- Music
- 25 Feb 11
Live At The Button Factory, Dublin
If there’s one thing that irks me about live music, it’s that every now and then you have no other choice but to put up with fans behaving as if they’re in the presence of a musical messiah. You know the types, the ones who applaud even the dullest between-song banter and shush the barman for shoveling a few cubes of ice into your drink. Despicable people.
Everything Joan Wasser does in the first few minutes of her set is absolutely lapped up by her dancefloor coterie, so I’m expecting tonight will be one of those nights. “Since I’ve been here, I’ve read Ulysses... to the best of my ability,” she chuckles, to – you guessed it – rapturous applause. “It pretty much changed my life. I’ve read the letters too. They’re so nasty! They really make me feel better about myself!”
This last part sums up our wiley frontwoman’s charm perfectly. Wasser is a wild thing, a truly great rock Sheba with a timeless rock voice and an all-important naughty streak. She looks phenomenal, clad in a black leather jumpsuit, bellowing out from beneath a crop of unruly raven hair. Although she’s joined on stage by Parker Kindrid (drums) and Tyler Wood (vox, keys and hopelessly funky synth), there’s no taking your eyes off her.
With a set bound to please Joan fanatics and casual midweek boozers alike, the gems come quick and fast. ‘Forever And A Year’ is oddly haunting, while eerie aria ‘Flash’ is drawn out to a stunning 10-minute wail. Oldie ‘Save Me’ is suitably raunchy while encore ‘Say Yes’ is delivered with pure fire. If anything is going to tempt me into full-on drooling devotee territory, it’s the staunch beauty of simple keyboard ditty ‘Real Me’.

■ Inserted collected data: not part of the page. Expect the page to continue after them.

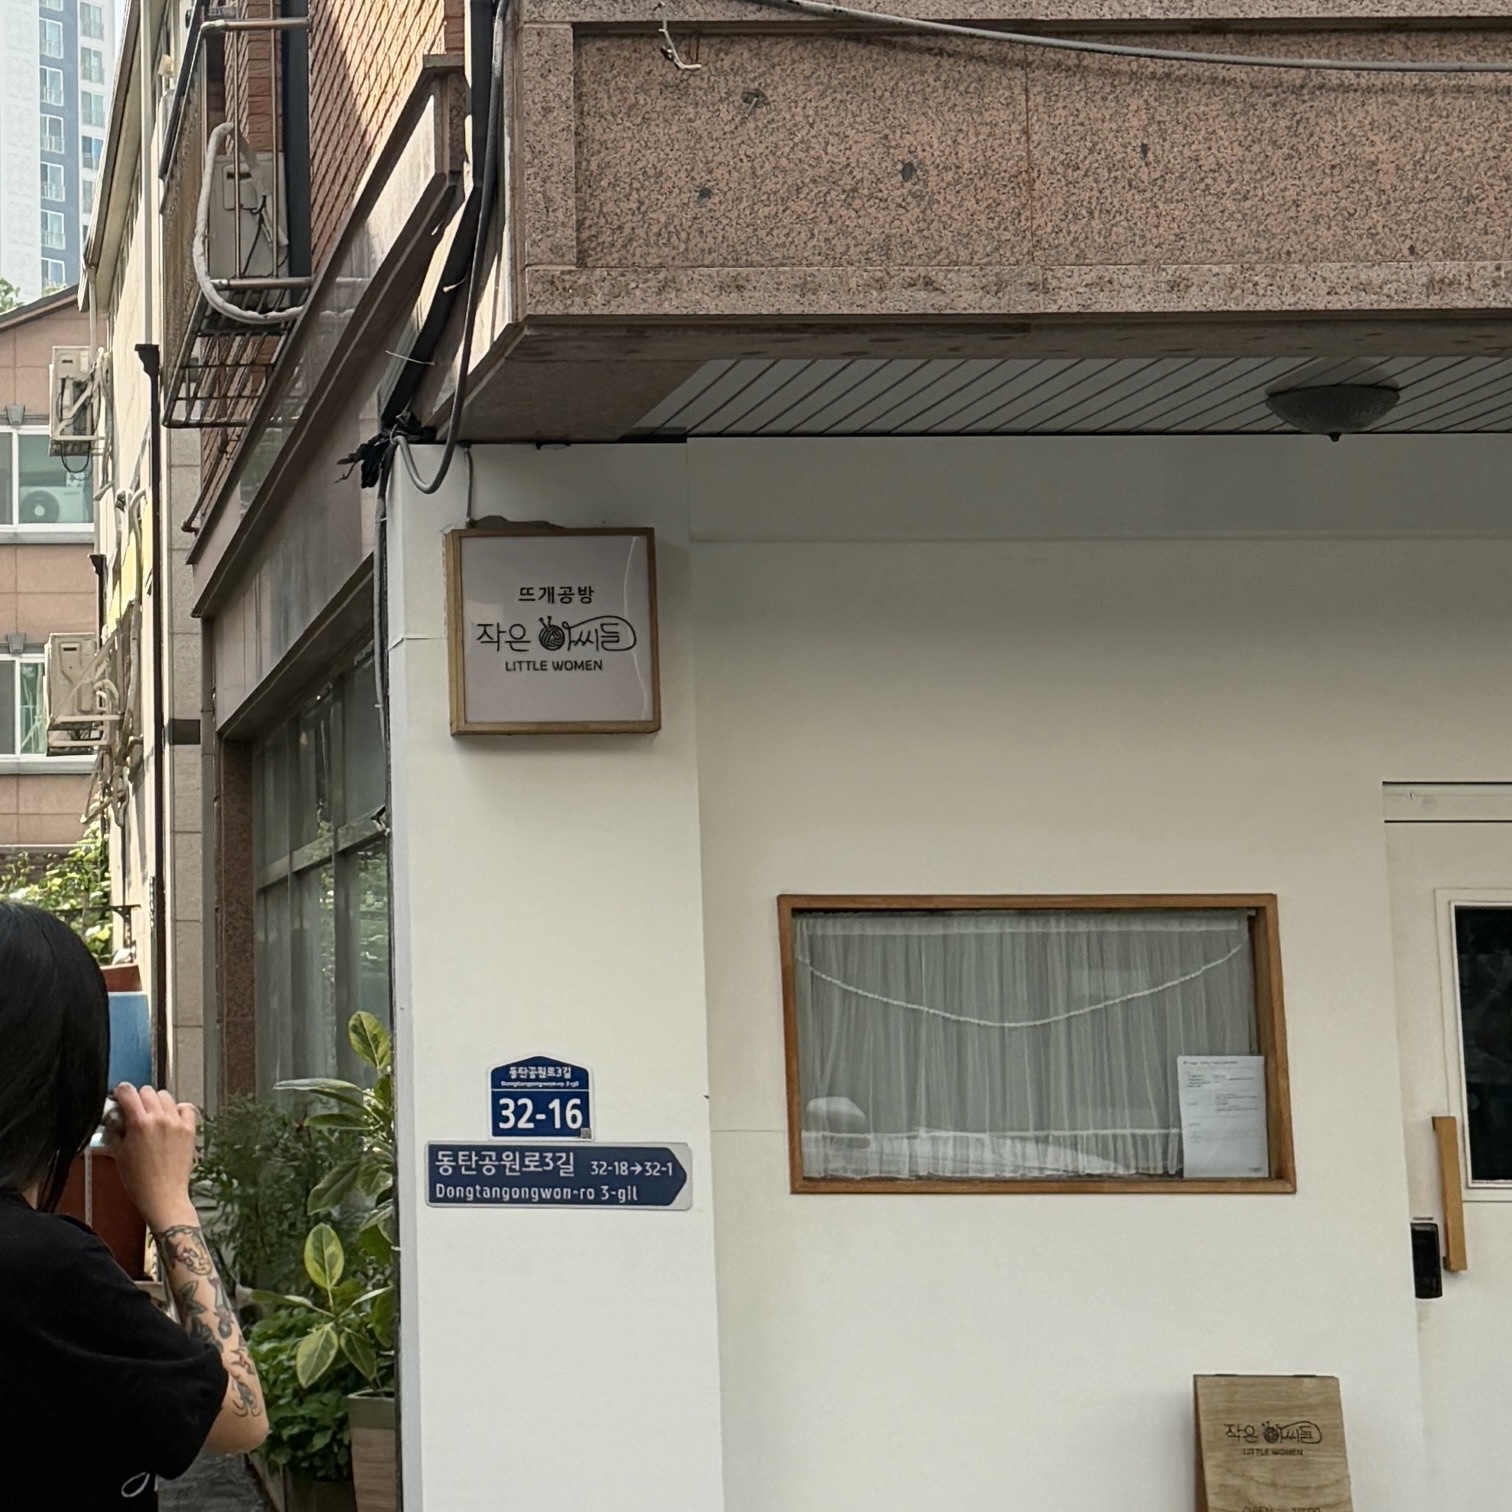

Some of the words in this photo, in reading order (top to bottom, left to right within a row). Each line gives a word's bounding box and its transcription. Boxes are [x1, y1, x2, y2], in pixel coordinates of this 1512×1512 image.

[518, 586, 594, 604] 뜨개공방
[476, 623, 531, 652] 작은
[505, 661, 548, 672] LITTLE
[552, 660, 603, 671] WOMEN
[498, 1098, 583, 1129] 32-16
[435, 1151, 575, 1177] 동탄공원로3길
[590, 1161, 629, 1176] 32-18
[644, 1162, 673, 1177] 32-1
[435, 1183, 595, 1202] Dongtangongwon-ro
[600, 1185, 638, 1203] 3-gil
[1224, 1424, 1258, 1443] 작은

Joan may look like the longest-serving rock minx in the business, but hers are not the songs of a woman who’s lived through a handful of careers and as many (often, public) relationships. She writes with a refreshing girlish anticipation, and croons ‘I’m looking for the magic’ as if she expects it to bound through the door of the Button Factory any minute, and rush the stage to meet her. Wasser is a believer - in Joyce, in music and in all’s well ending well – and that’s what we love about her.